My mother and I have this tradition where every year we watch the Academy Award winning movie of the year even though we never watch the actual awards show. This year’s winner was The Shape of Water and even though I thought it sounded dumb; the idea of a woman falling in love with a sea creature (it was captured and held in a secret gov’t lab where she works and she befriended it and was horrified how it was being abused and mistreated and hatched a plan to free it and they fell in love) but I watched it anyway and it turned out to be much more than that. It showed that the need and longing for love is universal and that love is where you find it. It gives “incomplete” people hope that there really is someone out there that can look beyond the outside appearance, what society sees as unattractive, undesirable, worthless, damaged, incomplete, not “worth” loving, always being over-looked, cast aside, ignored and rejected and see the inside, something worth loving.Even 2 “misfits” can find eachother and find love. You also see how love and being loved and giving love transforms her. That’s what I want,too. Maybe there is some hope,afterall? This movie inspires me.

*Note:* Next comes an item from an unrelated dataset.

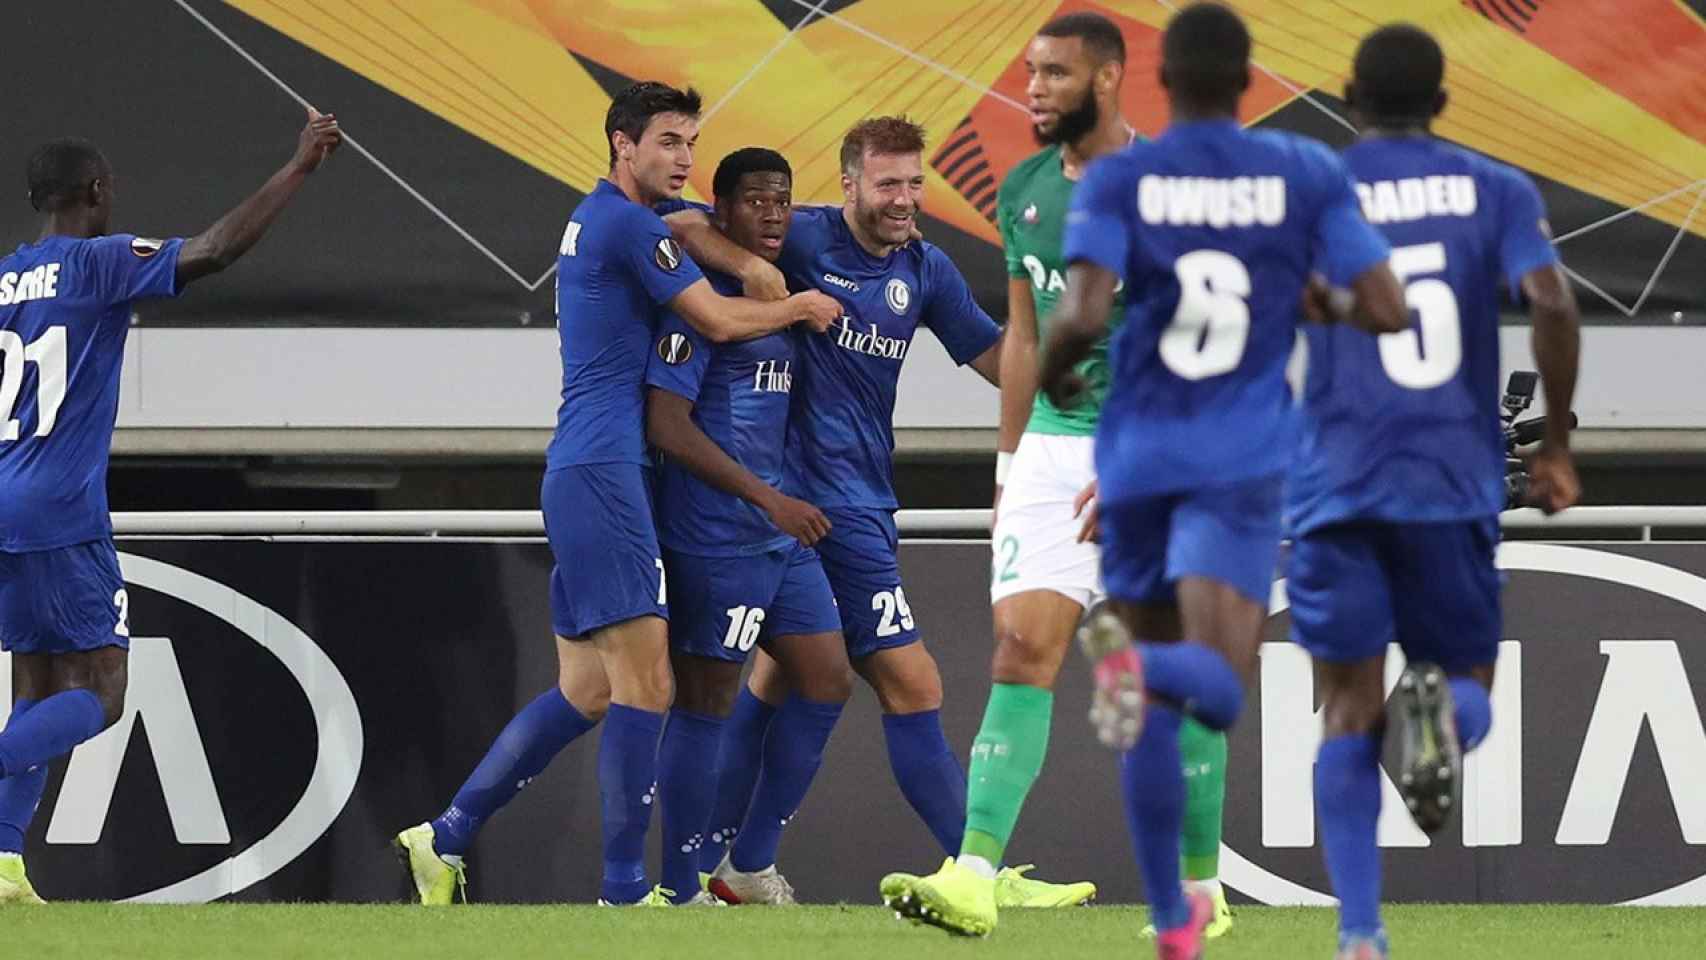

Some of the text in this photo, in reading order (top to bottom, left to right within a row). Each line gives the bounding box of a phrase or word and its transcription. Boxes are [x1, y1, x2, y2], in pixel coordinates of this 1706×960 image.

As well, I’ve had bad stomach pain for the past few days, so either my liver again or my stomach ulcer, and it feels like a gnawing pain,and I’m so tired my eyes sting and they were really itchy too as well as all over, likely jaundice from my liver, and when I told my hubby we need more $$$ as we’re really struggling he told me to go get a job when he knows that with my medical issues I can’t, plus I have no skill or experience in anything and I don’t work well with people, and then there’s also my Asperger’s, bipolar,and social phobia….and I found out that the $$$$ I get I pay the same that he does each month(he also pays for the kids’ lessons and the van expenses) towards family expenses( my contribution pays the bills, for example and some of the groceries) and he has a job so I think I’m doing pretty well considering, and he also snarked I could help out but I’m done with this family; they treat me like shit, no one ever helps me, no one shares, they bully, berate, belittle,insult, and emotionally abuse me. They exclude me and push me away. They make me feel like an unwanted burden. I’m done. I gave up on them a long time ago. I’m finished. I’ve washed my hands of them and dropped out of life. I’ve had enough. I just don’t give a shit anymore. They’ve broken me.I’m done.

Moving Day.


For the past 4 nights I’ve have my old recurring dream (that I’ve had for years, although not days in a row like this, just every now and then) that I move back to my old Toronto house. Even though I only lived there for 5 years, from age 12-17, of all the houses I’ve ever lived in ( at least 13, maybe more) that house has always been my fave. and the one that I most feel was my home. In my dream my mother and I and Buddy move back there and it’s the same it was as when we moved out in 1984, the same wallpaper, carpeting,etc. and I’m trying to figure out where to put the furniture and the stuff on the walls, etc. and in last night’s “episode” it seemed so real I didn’t even realize that it was a dream and in the dream I remember saying to myself, I’ve had recurring dreams about moving back to my old house for years,and now here I am! I’ve always wonder what, if anything, it means and symbolizes though; is it just happy memories of a place I felt safe, at home, protected from the world, my sanctuary,  and just happy times I wish I could go back to, or is there something more, perhaps meaning I’m going to die soon, symbolizing that I’m going Home soon, as in to Heaven, like how that old Toronto house symbolizes my home…..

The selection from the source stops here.